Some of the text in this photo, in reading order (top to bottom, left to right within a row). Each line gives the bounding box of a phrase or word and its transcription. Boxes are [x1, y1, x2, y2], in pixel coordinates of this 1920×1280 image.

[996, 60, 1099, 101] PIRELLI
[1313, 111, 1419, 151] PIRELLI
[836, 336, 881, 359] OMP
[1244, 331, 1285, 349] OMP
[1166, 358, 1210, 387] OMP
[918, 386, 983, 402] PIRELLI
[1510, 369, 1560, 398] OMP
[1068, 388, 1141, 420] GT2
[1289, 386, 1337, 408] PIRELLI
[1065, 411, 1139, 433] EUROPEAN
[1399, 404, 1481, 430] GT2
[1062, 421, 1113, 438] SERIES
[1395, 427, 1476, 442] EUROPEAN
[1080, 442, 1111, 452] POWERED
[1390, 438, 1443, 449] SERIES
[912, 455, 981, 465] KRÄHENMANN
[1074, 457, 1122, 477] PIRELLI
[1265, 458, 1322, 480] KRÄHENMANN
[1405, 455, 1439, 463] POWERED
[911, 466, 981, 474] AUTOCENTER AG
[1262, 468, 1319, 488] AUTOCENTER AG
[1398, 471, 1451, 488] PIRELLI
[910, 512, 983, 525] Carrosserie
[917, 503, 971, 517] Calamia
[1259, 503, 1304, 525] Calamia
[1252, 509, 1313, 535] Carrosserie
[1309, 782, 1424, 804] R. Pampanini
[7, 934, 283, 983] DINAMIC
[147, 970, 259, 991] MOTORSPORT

=-=-=

_Work task:_ Give back the data above, repeating every record exactly.

_Answer below:_
Some of the text in this photo, in reading order (top to bottom, left to right within a row). Each line gives the bounding box of a phrase or word and its transcription. Boxes are [x1, y1, x2, y2], in pixel coordinates of this 1920×1280 image.

[996, 60, 1099, 101] PIRELLI
[1313, 111, 1419, 151] PIRELLI
[836, 336, 881, 359] OMP
[1244, 331, 1285, 349] OMP
[1166, 358, 1210, 387] OMP
[918, 386, 983, 402] PIRELLI
[1510, 369, 1560, 398] OMP
[1068, 388, 1141, 420] GT2
[1289, 386, 1337, 408] PIRELLI
[1065, 411, 1139, 433] EUROPEAN
[1399, 404, 1481, 430] GT2
[1062, 421, 1113, 438] SERIES
[1395, 427, 1476, 442] EUROPEAN
[1080, 442, 1111, 452] POWERED
[1390, 438, 1443, 449] SERIES
[912, 455, 981, 465] KRÄHENMANN
[1074, 457, 1122, 477] PIRELLI
[1265, 458, 1322, 480] KRÄHENMANN
[1405, 455, 1439, 463] POWERED
[911, 466, 981, 474] AUTOCENTER AG
[1262, 468, 1319, 488] AUTOCENTER AG
[1398, 471, 1451, 488] PIRELLI
[910, 512, 983, 525] Carrosserie
[917, 503, 971, 517] Calamia
[1259, 503, 1304, 525] Calamia
[1252, 509, 1313, 535] Carrosserie
[1309, 782, 1424, 804] R. Pampanini
[7, 934, 283, 983] DINAMIC
[147, 970, 259, 991] MOTORSPORT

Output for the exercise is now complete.